SOUTH Gippsland could become a major horticultural centre in Victoria, injecting tens of millions of dollars into the economy and potentially creating 1000 jobs in the region in the long term.
A South Gippsland Shire Council delegation toured Schreurs and Sons’ massive property at Middle Tarwin last Tuesday (February 21) and heard of the company’s plans to grow the property into a $50 million business with the eventual prospect of 200 jobs.
Produce under the company’s Tarwin Farm brand is now being exported, mainly to Malaysia, and the company also sells to Dubai, Singapore and Japan, as well as to IGA supermarkets at Tarwin Lower, Leongatha and Korumburra.
Other horticultural companies are also expressing an interest in relocating operations to South Gippsland because of the region’s stable climate, Cr Andrew McEwen told The Star after visiting the property.
That prospect would greatly benefit the economies of South Gippsland and particularly the nearby commercial and industrial centre of Leongatha.
“In the next 10 years, if we have 1000ha of intensive horticulture moving into the area, it would create over 1000 jobs for the district,” Cr McEwen said.
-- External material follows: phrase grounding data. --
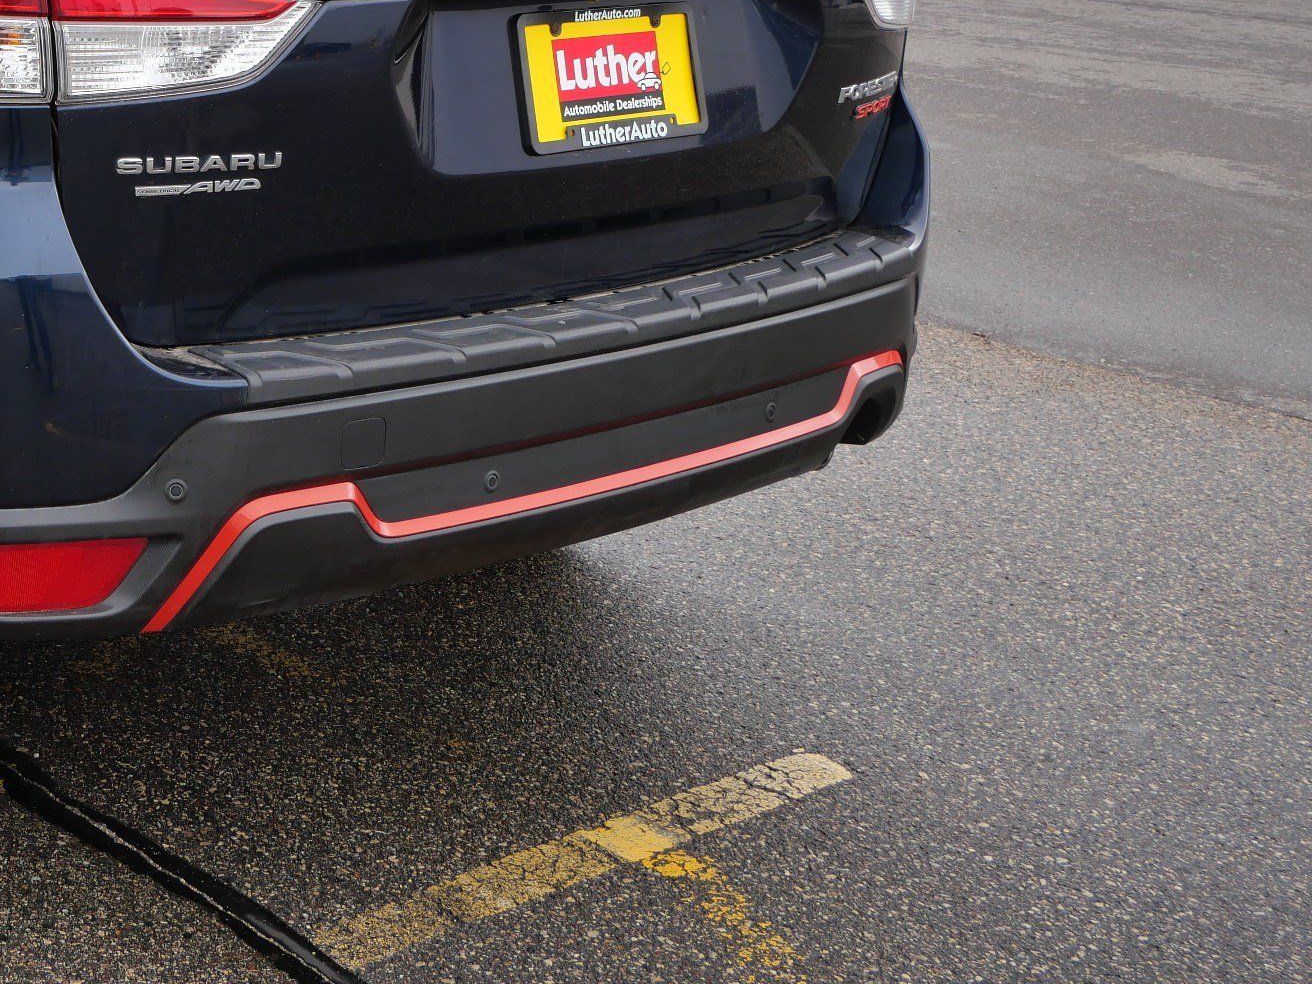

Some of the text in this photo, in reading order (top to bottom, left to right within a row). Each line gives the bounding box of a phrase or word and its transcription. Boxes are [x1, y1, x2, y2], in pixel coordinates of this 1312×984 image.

[574, 8, 641, 23] LutherAuto.com
[555, 44, 657, 91] Luther
[563, 95, 663, 117] Automobile Dealerships
[580, 118, 668, 147] LutherAuto
[115, 152, 283, 175] SUBARU
[183, 177, 262, 195] AWD
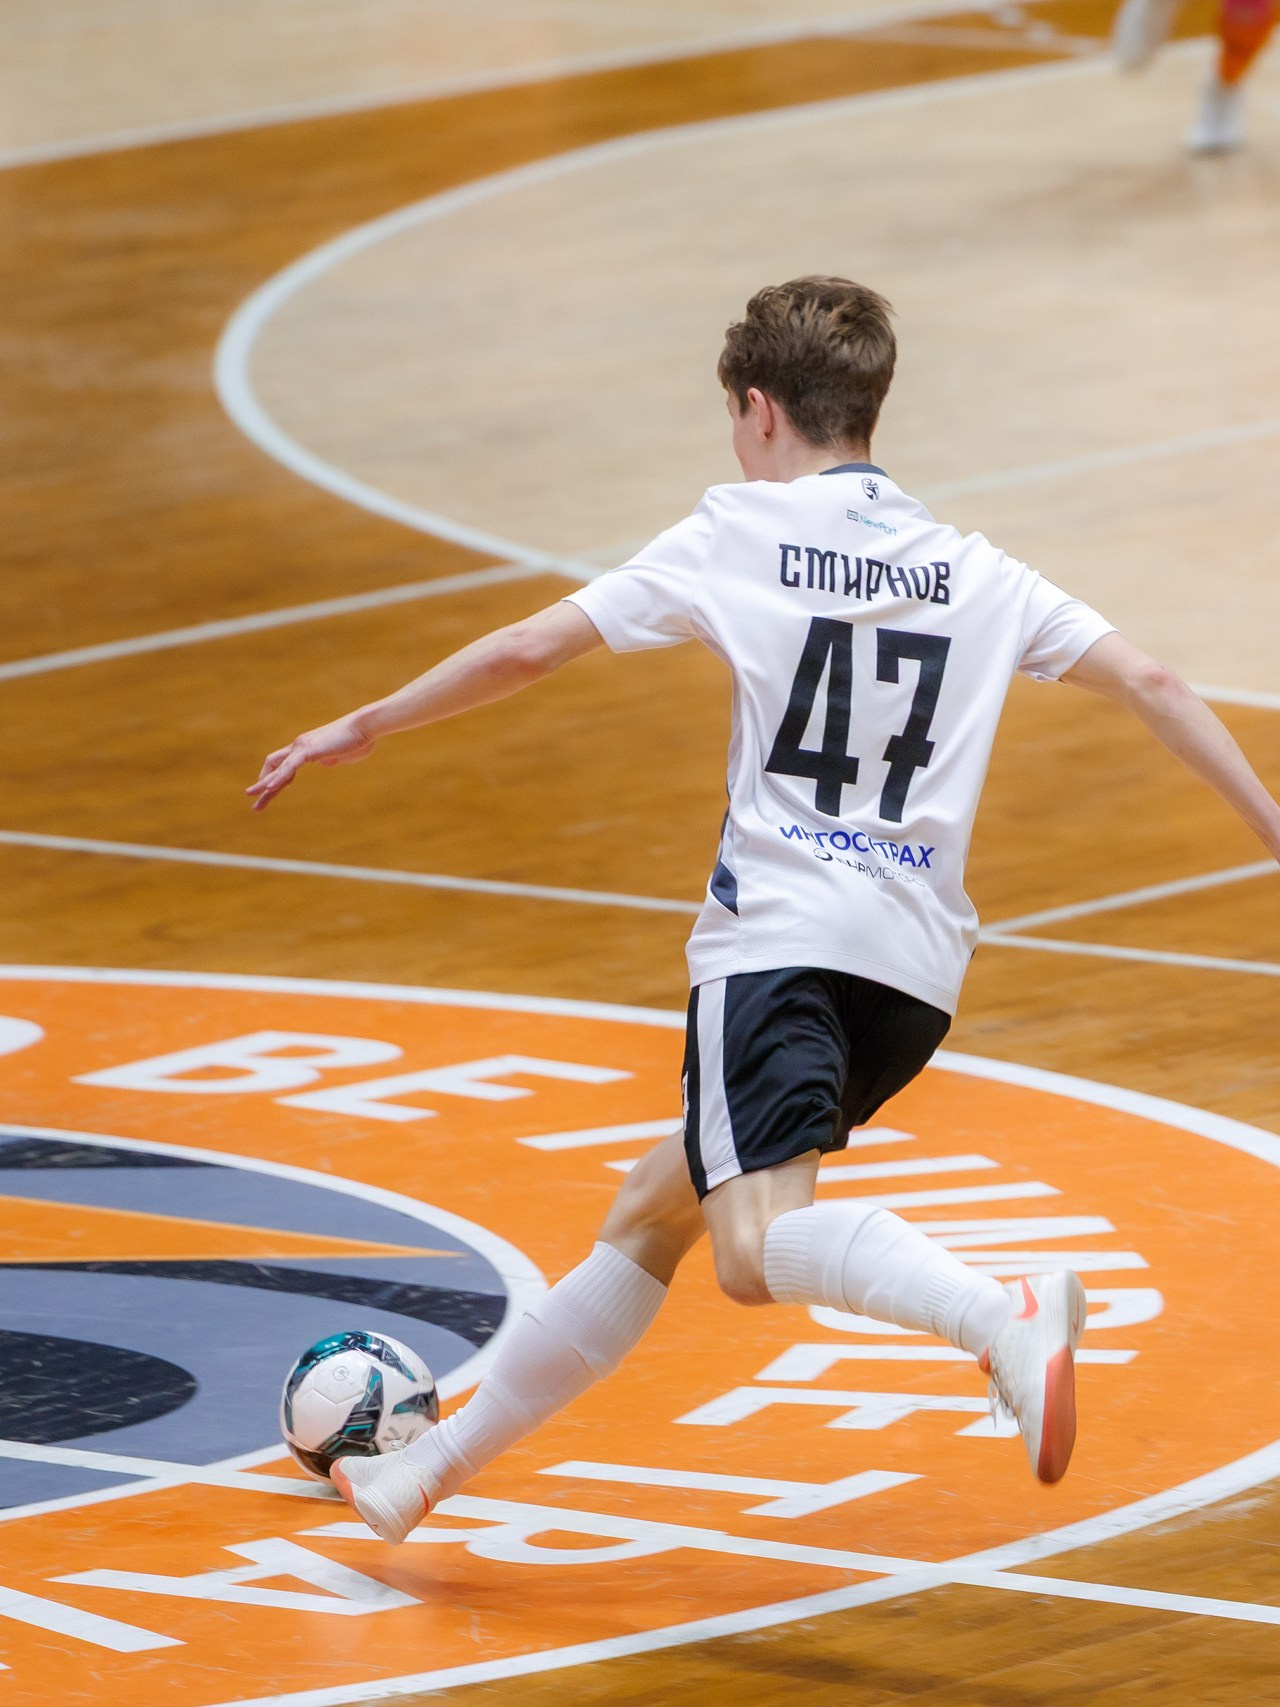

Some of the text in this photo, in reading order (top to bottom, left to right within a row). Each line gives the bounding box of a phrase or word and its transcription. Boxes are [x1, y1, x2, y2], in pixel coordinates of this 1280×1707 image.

“This is fantastic and an opportunity for the region’s agriculture to diversify. It’s not just labouring jobs but also jobs in marketing and science, so there will be opportunities for young people in the district to have career paths.
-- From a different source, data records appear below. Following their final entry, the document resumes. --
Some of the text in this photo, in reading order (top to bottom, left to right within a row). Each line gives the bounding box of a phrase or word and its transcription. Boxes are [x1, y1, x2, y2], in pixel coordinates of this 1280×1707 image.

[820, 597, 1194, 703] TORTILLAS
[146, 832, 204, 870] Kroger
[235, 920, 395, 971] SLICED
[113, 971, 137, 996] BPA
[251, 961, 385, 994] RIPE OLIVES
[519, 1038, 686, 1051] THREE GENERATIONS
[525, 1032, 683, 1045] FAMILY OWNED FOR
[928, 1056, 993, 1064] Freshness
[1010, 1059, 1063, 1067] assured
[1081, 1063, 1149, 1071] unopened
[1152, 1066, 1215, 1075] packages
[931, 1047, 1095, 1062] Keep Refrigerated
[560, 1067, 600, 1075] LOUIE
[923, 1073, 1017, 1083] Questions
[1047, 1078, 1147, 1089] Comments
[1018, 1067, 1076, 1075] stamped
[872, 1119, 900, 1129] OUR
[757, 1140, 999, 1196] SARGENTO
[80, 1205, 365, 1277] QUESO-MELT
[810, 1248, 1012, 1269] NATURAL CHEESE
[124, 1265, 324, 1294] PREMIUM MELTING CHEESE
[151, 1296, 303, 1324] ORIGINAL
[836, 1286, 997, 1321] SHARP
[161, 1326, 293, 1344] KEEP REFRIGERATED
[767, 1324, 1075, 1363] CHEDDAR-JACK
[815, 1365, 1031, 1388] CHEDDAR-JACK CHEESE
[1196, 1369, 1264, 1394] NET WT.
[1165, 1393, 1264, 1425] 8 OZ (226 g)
“The challenge is we need to ensure is there are adequate water supplies but it’s a golden opportunity to increase employment.”
Cr Maxine Kiel, also part of the council delegation, said other growers would be welcome.
“There are many similar opportunities available for businesses/growers to relocate to our region and the South Gippsland Shire Council will be very supportive of any other enquiries,” she said.
Chris Schreurs, the company’s director of business and commercial operations, expected the Middle Tarwin site to be expanded over the next 10 years.
“That means jobs growth. There could be 200 jobs and more as we grow. It’s not going to happen in one hit,” he said.
“We are really just in the beginning phase of it at the moment.”
The company has seven properties on the Mornington Peninsula, Clyde, Devon Meadows and Middle Tarwin.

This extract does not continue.